O Ministério Público de São Paulo (MPSP) recorreu da condenação de um homem, de idade não informada, que matou o enteado de 2 anos em Taubaté. Agora, a Promotoria pede que a pena passe dos atuais 28 anos, 9 meses e 16 dias para, no mínimo, 50 anos de prisão. Segundo o MPSP, a punição aplicada não reflete a gravidade do crime.
De acordo com a investigação, o homicídio ocorreu em fevereiro de 2025, quando a criança estava sozinha com o padrasto. O homem teria agredido o menino, provocando um traumatismo cranioencefálico que causou a morte. Além disso, ele teria tentado simular um acidente doméstico para esconder o crime.
O Tribunal do Júri condenou o réu por homicídio qualificado. Entre os fatores considerados, estão o emprego de meio cruel, a impossibilidade de defesa da vítima e o fato de a criança ter menos de 14 anos. Além disso, a sentença destacou a tentativa de criar um álibi e alterar a cena do crime para dificultar as investigações.
Caso começou como suspeita de acidente doméstico
O crime aconteceu em 13 de fevereiro de 2025, no bairro São Gonçalo. Na ocasião, o menino chegou ao Hospital Regional de Taubaté com diversas lesões pelo corpo, mas não resistiu aos ferimentos e morreu. Como os profissionais de saúde identificaram sinais de violência, eles acionaram a Polícia Civil.

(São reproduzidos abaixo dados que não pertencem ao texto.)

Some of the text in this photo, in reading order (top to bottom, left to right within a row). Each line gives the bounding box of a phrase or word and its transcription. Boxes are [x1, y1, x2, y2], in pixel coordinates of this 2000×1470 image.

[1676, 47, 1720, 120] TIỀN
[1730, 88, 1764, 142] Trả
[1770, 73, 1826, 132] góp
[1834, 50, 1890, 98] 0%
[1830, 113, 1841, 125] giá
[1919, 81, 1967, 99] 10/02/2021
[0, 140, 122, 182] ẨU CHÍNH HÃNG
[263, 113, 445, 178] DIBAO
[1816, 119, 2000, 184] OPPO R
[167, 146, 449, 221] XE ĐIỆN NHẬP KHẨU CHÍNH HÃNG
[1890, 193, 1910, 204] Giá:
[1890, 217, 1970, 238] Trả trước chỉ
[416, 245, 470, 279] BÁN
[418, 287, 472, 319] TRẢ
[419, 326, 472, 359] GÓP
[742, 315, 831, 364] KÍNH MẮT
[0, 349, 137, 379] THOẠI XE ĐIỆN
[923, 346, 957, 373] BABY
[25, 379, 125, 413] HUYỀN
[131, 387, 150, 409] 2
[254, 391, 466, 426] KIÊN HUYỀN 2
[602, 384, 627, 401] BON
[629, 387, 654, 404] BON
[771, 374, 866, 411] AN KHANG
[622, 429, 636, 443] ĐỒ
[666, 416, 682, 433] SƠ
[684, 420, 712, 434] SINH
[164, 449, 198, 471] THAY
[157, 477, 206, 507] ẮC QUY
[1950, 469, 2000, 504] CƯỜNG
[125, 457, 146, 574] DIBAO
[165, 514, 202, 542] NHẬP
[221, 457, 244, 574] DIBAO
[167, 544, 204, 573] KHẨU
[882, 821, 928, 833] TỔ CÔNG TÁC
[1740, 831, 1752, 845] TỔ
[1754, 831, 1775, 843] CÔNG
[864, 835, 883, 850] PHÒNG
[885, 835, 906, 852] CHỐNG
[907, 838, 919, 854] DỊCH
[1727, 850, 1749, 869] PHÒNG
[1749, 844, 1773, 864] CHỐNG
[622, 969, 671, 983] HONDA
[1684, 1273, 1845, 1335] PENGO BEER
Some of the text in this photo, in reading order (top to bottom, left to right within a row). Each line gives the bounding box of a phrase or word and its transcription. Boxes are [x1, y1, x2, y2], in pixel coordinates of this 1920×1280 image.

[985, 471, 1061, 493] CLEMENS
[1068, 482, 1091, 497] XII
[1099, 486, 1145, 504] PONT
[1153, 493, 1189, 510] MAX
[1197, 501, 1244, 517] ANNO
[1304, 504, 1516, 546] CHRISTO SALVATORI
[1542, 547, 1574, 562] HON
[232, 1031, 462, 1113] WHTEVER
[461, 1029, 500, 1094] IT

Inicialmente, o caso foi registrado como morte suspeita em um suposto acidente doméstico. No entanto, policiais da Delegacia Especializada em Investigações Criminais (Deic) encontraram contradições no depoimento do padrasto, que estava sozinho com a criança no momento dos fatos.
Durante a apuração, o laudo pericial concluiu que o menino morreu em consequência das agressões e do traumatismo craniano. Além disso, o exame apontou sinais de tortura, segundo a Polícia Civil.
Por fim, a Polícia Civil prendeu o padrasto em 31 de maio de 2025, em Pindamonhangaba, durante uma abordagem. Contra ele já havia um mandado de prisão preventiva.
Agora, o Ministério Público também pede o reconhecimento da agravante por abuso das relações domésticas e de convivência. Se o Tribunal acolher o recurso, a pena poderá chegar a, no mínimo, 50 anos de prisão.